DATA FOR PROCESSING: Begin

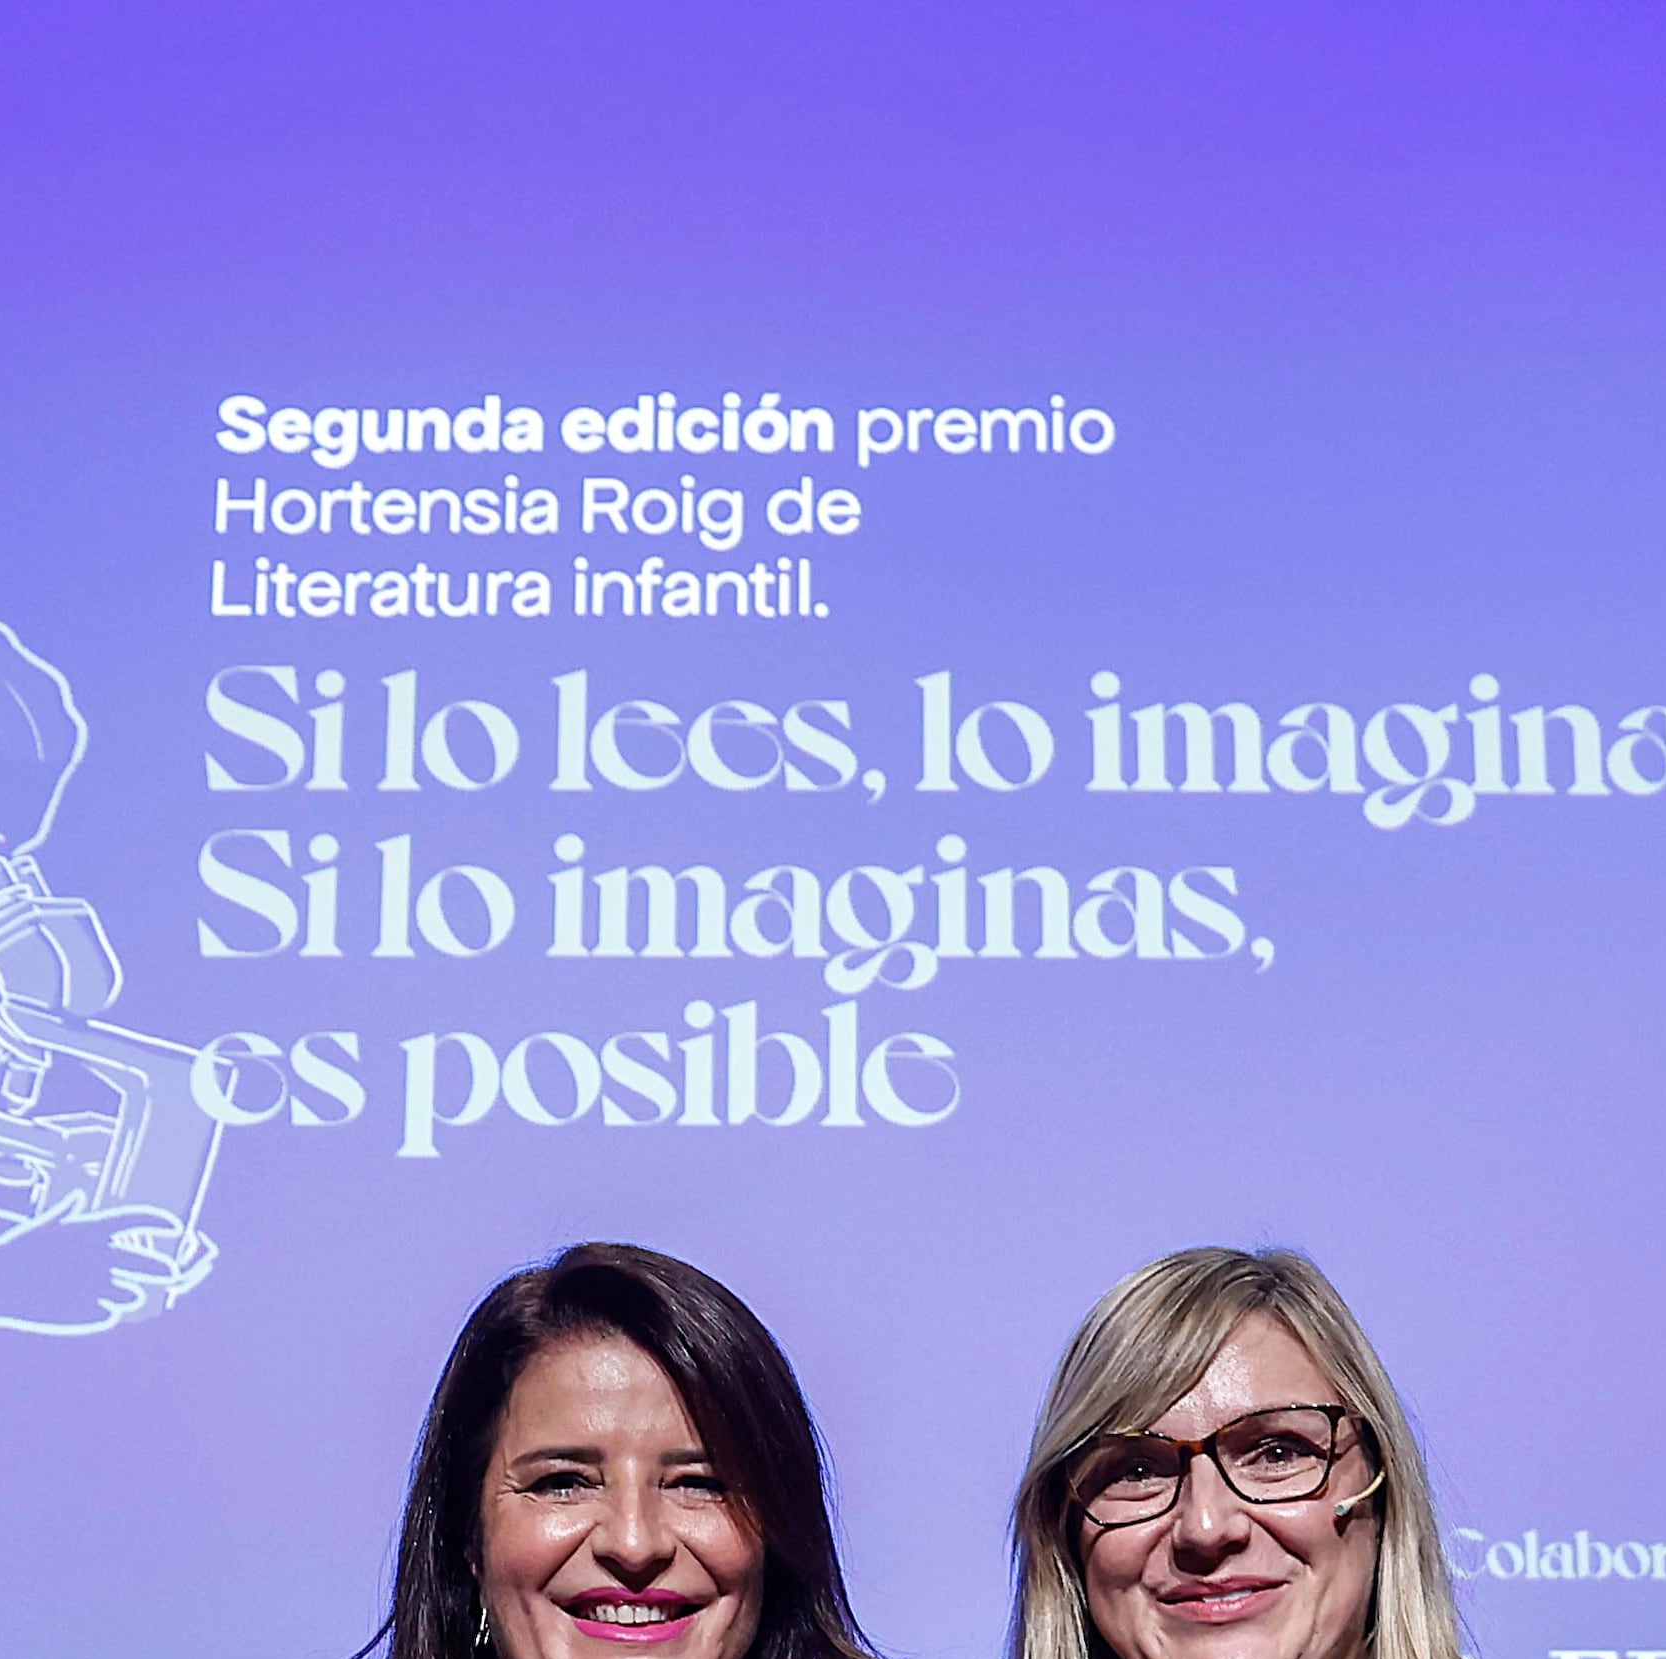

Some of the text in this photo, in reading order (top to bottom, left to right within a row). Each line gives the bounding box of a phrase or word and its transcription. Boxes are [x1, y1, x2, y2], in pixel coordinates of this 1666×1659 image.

[216, 391, 1115, 469] Segunda edición premio
[215, 474, 862, 551] Hortensia Roig de
[211, 556, 829, 618] Literatura infantil.
[205, 665, 349, 791] Si
[377, 669, 520, 791] lo
[549, 669, 886, 801] lees,
[915, 670, 1054, 792] lo
[197, 830, 1275, 995] Si lo imaginas,
[188, 999, 960, 1158] es posible
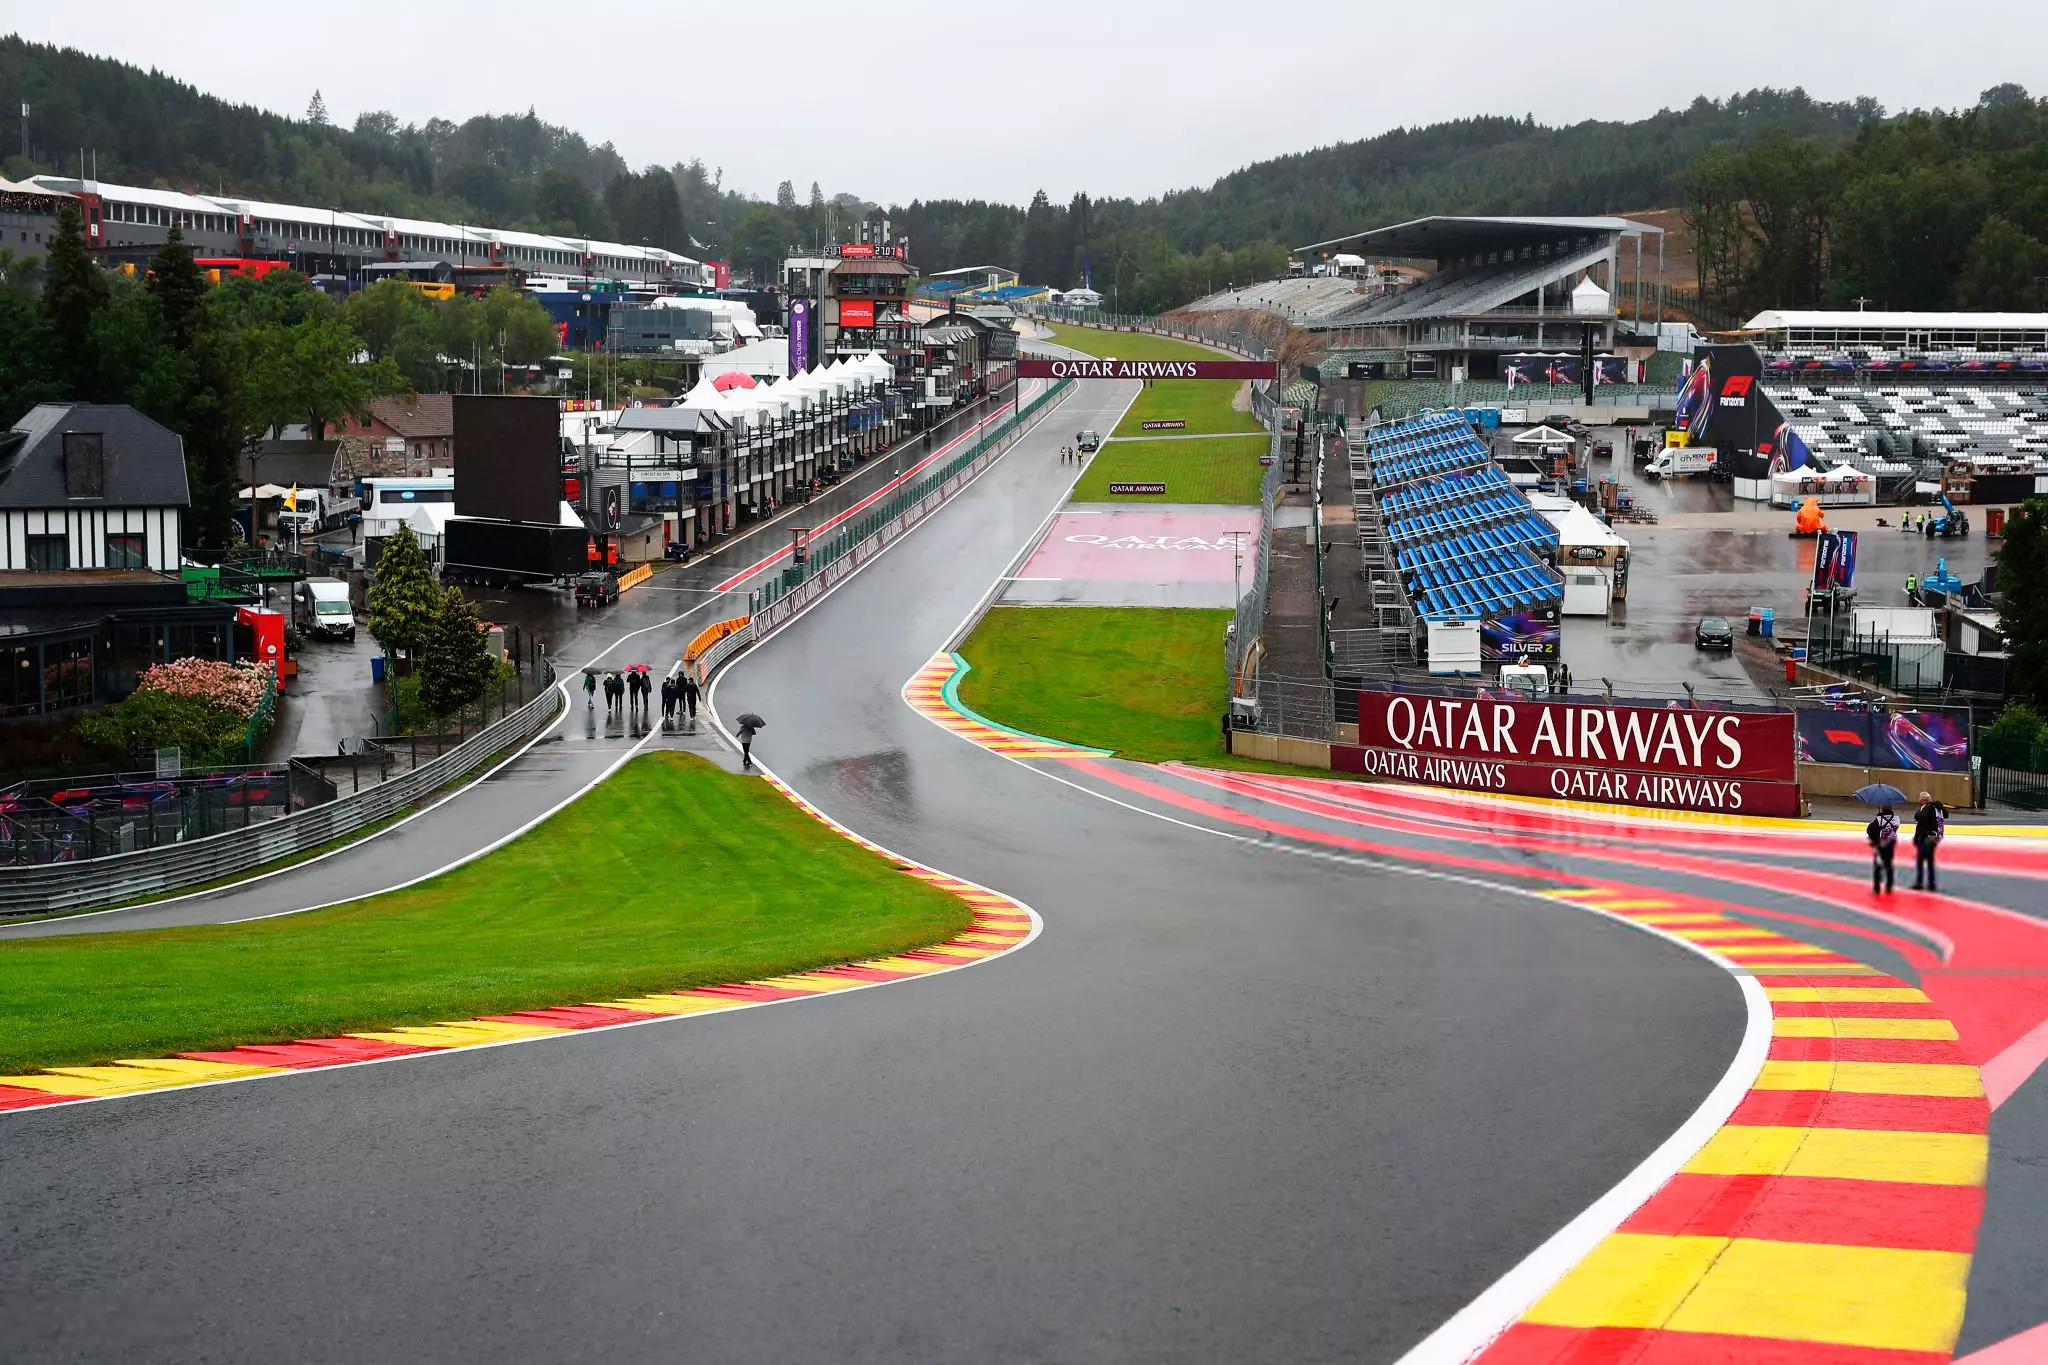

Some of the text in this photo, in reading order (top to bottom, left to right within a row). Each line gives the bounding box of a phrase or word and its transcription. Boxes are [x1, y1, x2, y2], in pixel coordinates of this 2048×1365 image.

DATA FOR PROCESSING: End

Give the entries above again word for word, without any pictures.

» SOLUTION TO THE PROBLEM:
Some of the text in this photo, in reading order (top to bottom, left to right within a row). Each line gives the bounding box of a phrase or word and its transcription. Boxes are [x1, y1, x2, y2], in pixel coordinates of this 1666×1659 image.

[216, 391, 1115, 469] Segunda edición premio
[215, 474, 862, 551] Hortensia Roig de
[211, 556, 829, 618] Literatura infantil.
[205, 665, 349, 791] Si
[377, 669, 520, 791] lo
[549, 669, 886, 801] lees,
[915, 670, 1054, 792] lo
[197, 830, 1275, 995] Si lo imaginas,
[188, 999, 960, 1158] es posible

Some of the text in this photo, in reading order (top to bottom, left to right within a row). Each line gives the bounding box of a phrase or word and its transcription. Boxes are [x1, y1, x2, y2], in pixel coordinates of this 2048×1365 image.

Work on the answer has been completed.